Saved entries

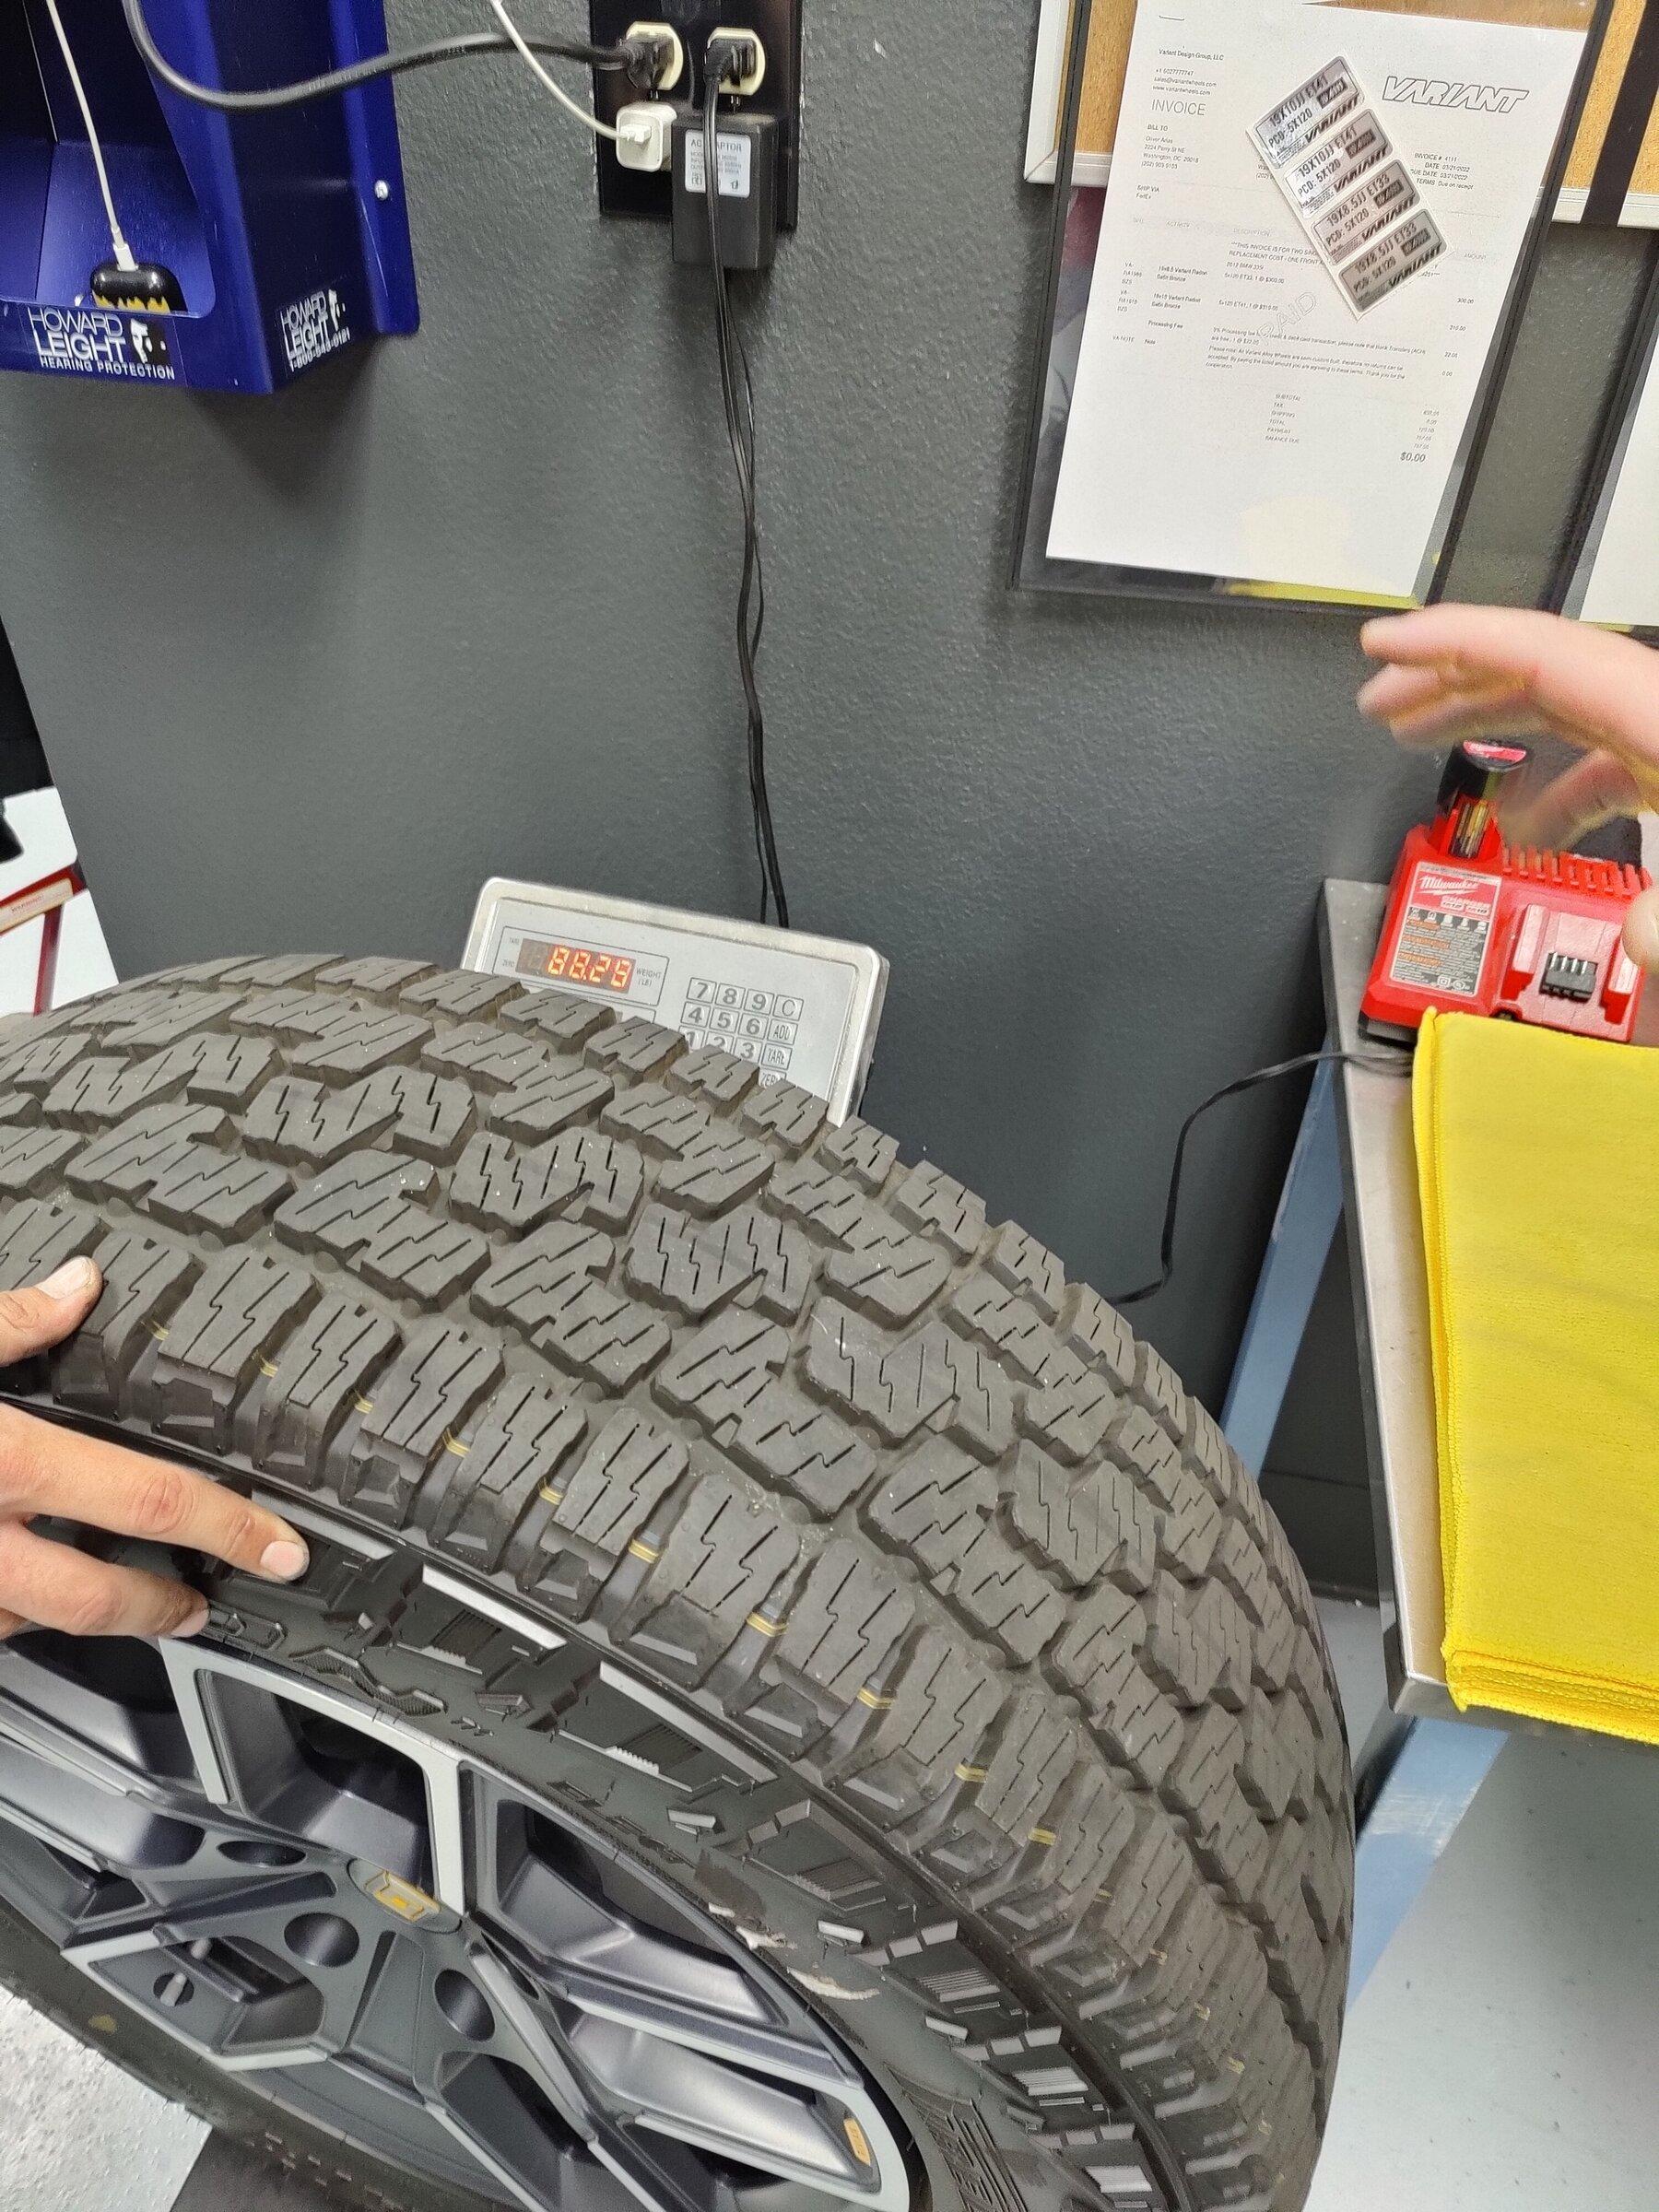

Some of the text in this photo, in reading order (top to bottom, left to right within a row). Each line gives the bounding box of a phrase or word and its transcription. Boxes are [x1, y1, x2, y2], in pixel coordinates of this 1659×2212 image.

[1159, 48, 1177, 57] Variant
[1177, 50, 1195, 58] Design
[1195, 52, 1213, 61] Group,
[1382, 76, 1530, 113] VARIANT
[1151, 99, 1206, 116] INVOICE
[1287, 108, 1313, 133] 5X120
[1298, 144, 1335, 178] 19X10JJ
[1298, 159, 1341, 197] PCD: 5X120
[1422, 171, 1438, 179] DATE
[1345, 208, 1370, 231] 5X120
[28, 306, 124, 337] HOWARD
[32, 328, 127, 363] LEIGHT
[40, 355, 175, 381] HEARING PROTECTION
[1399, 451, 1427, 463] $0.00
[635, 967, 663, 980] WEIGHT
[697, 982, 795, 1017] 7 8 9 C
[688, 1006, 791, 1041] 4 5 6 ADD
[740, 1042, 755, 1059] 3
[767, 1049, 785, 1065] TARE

→ **TRY IT**
If an entry contains a picture, leave it out and repeat the rest exactly.

→ **WRITTEN ANSWER**
Some of the text in this photo, in reading order (top to bottom, left to right within a row). Each line gives the bounding box of a phrase or word and its transcription. Boxes are [x1, y1, x2, y2], in pixel coordinates of this 1659×2212 image.

[1159, 48, 1177, 57] Variant
[1177, 50, 1195, 58] Design
[1195, 52, 1213, 61] Group,
[1382, 76, 1530, 113] VARIANT
[1151, 99, 1206, 116] INVOICE
[1287, 108, 1313, 133] 5X120
[1298, 144, 1335, 178] 19X10JJ
[1298, 159, 1341, 197] PCD: 5X120
[1422, 171, 1438, 179] DATE
[1345, 208, 1370, 231] 5X120
[28, 306, 124, 337] HOWARD
[32, 328, 127, 363] LEIGHT
[40, 355, 175, 381] HEARING PROTECTION
[1399, 451, 1427, 463] $0.00
[635, 967, 663, 980] WEIGHT
[697, 982, 795, 1017] 7 8 9 C
[688, 1006, 791, 1041] 4 5 6 ADD
[740, 1042, 755, 1059] 3
[767, 1049, 785, 1065] TARE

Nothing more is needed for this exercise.